How to Help Remote Workers Fit Into Onsite Culture

Remote working has increasingly become a controversial subject. With Marisa Meyer most recently telling Yahoo staff to work from the office, or quit. There is increasing controversy over the output of a remote team. As a manager, you’d probably prefer if your entire team were on-site and working together as well. On the other hand, there’s plenty of evidence to show that letting your team work remotely can make them more productive.

The old structures of rigid workplaces are breaking down and giving way to a mobile workforce. So instead of fighting it, embrace the change.

Here’s how business management can help your remote workers fit in.

Clearly Communicate Goals and Deliverables

An interesting study conducted by E. Glenn Dutcher and Krista Jabs Saral showed that remote workers could be productive and valuable team members. However, if your team isn’t managed properly, it can quickly escalate into some serious problems.

Just not the problem you’d expect.

When teams have remote workers, on-site workers are shown to be the ones who ‘slack off’ because they think remote workers are doing the same thing.

A great way to handle this problem is to set and share each employee’s goals during a weekly team meeting.  During the next week’s meeting, have each member be held accountable for their goals. This will show who’s doing what, when and if they are reaching their target(s).

Ensure There Is Open Communication

Reporting to a remote boss can be an odd situation, especially for a newbie remote worker. There are four things that can be done to make the communication between supervisor and team member easier:

1. Spend Face Time Early in the Relationship

Wouldn’t you like to know who you are working with? Or at least what the person looks like outside a Facebook profile picture (which can be misleading sometimes). A face-to-face conversation can be the most powerful mode of communication.

So, invest time at the start of the working relationship to really get to know each other and build trust.

2. Know Which Type of Communication to Use and When

It’s much easier to convey emotions when talking to someone over the phone than it is over e-mail. It’s also very easy to miss the tone and urgency when reading someone’s e-mail. If you need to ask your remote worker a quick question, or tell them to push a deliverable through ahead of schedule, pick up the phone or hop on Skype and get it done.

3. Schedule Regular Check-ins

Just because you don’t work in the same office, doesn’t mean you shouldn’t supervise your remote workers. We’ve already established that they share the same responsibilities, so schedule a recurring time every week to check in with them and see how they are progressing.

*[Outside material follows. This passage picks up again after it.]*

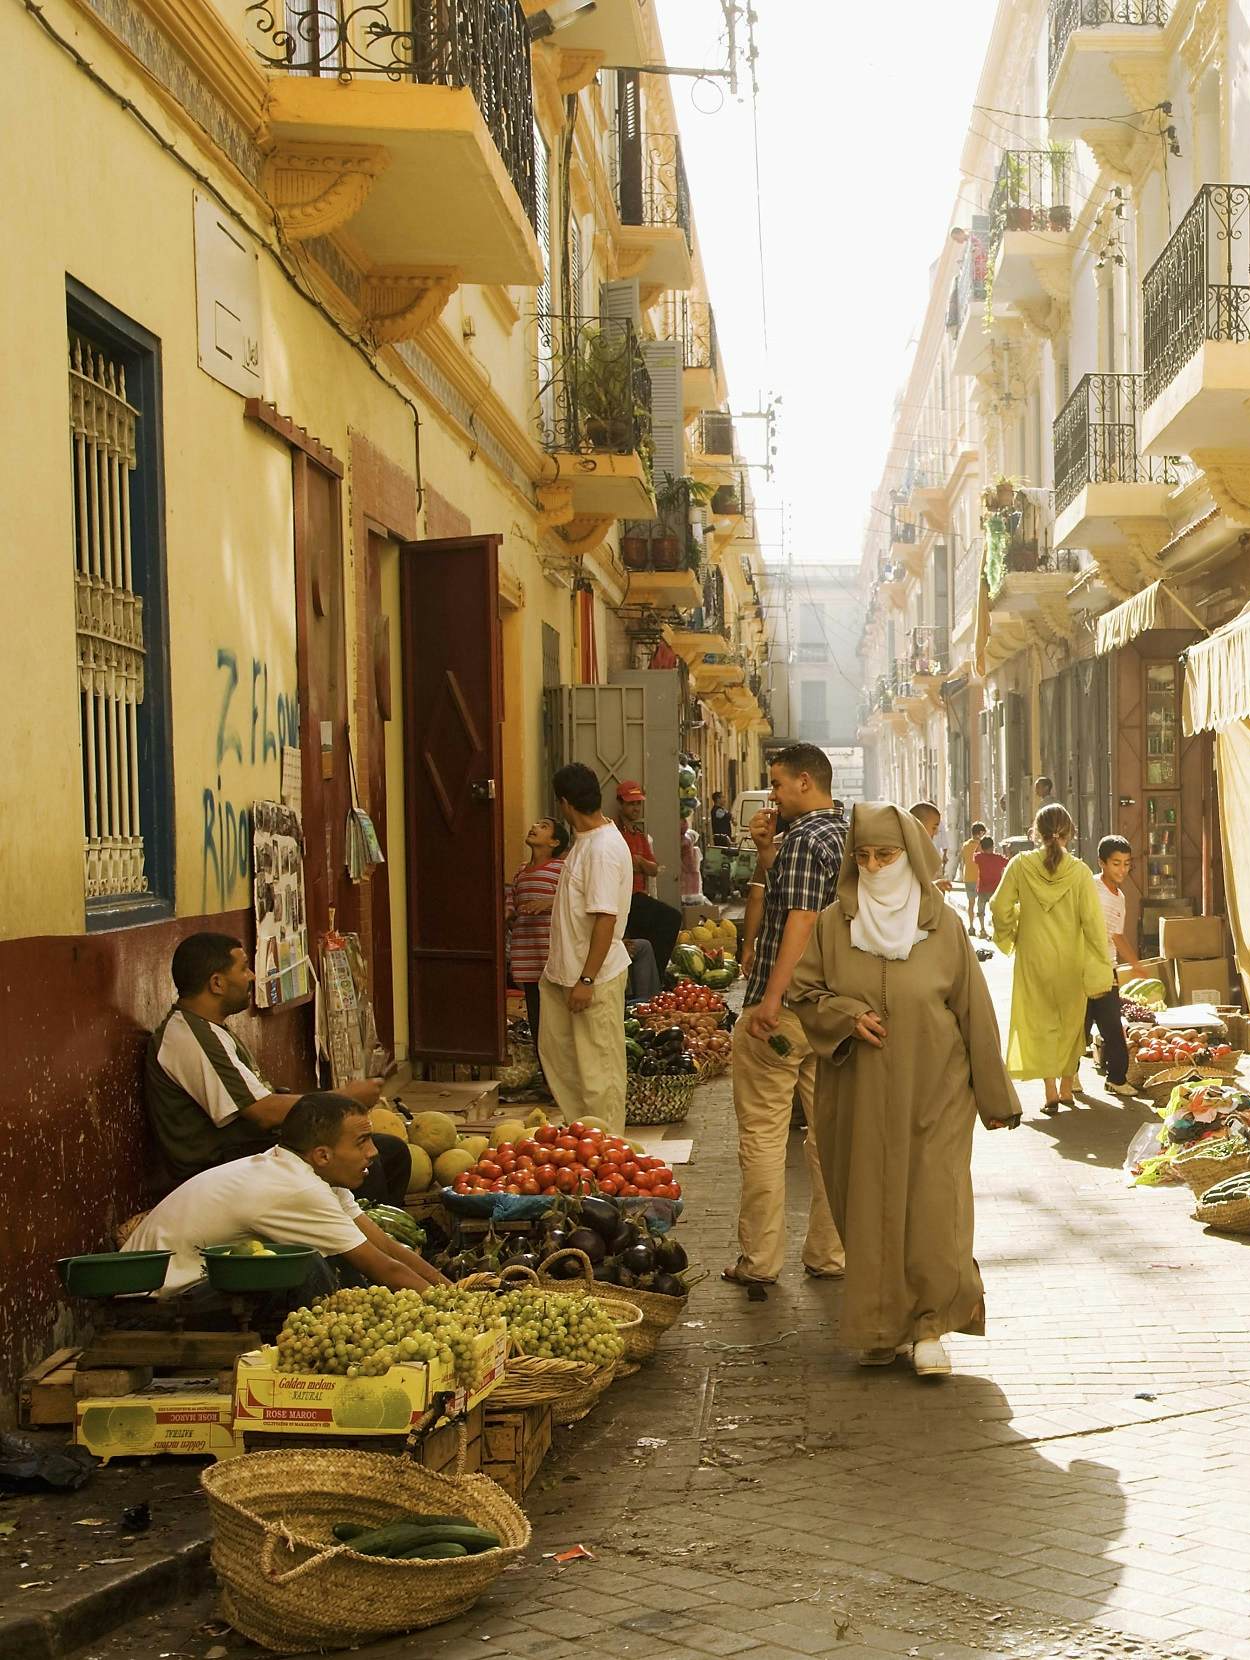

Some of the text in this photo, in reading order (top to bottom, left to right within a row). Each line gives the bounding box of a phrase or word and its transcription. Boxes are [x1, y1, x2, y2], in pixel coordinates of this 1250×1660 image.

4. Make sure people know they can reach out

Communication needs to go two ways, so make sure your remote workers can reach out to you if needed. You don’t want them to feel cut off by limiting your interactions to weekly check-ins or conference calls.

Provide as Many Tools as Possible

Virtual workers can actually be more engaged than on-site workers. The reason? They have to work harder to connect and they want a bigger return on their investment. To help them stay in touch more easily, provide your remote workers with tools and tech to increase communication and collaboration.

With the right setup, your virtual team will feel more included and can constantly stay in the loop. Internal chat programs, like HipChat, can even lead to virtual workers staying in touch after office hours, strengthening the company culture.

Accept That Your Management Style Must Adapt

Helping remote workers fit in is the first step to creating a productive yet distributed workforce. The next step, of course, is for you to adapt to this new reality.

As a manager, it’s important for you to keep in mind that even though every worker shares the same responsibilities, they employ different means to get things done. Remote workers may prefer working in a coffee shop or some other public space. They may prefer working different hours as well. There are people who hit peak productivity at 6pm in Starbucks or at 6am after an early run.

Embracing dispersed teams and building a culture that supports a flexible lifestyle can actually help increase productivity. As remote workers feel less constrained by tight office hours they may start to exercise their creativity more and take the initiative in leading new projects. The challenge is to make them feel like an integral part of the team and get them to interact more with on-site workers.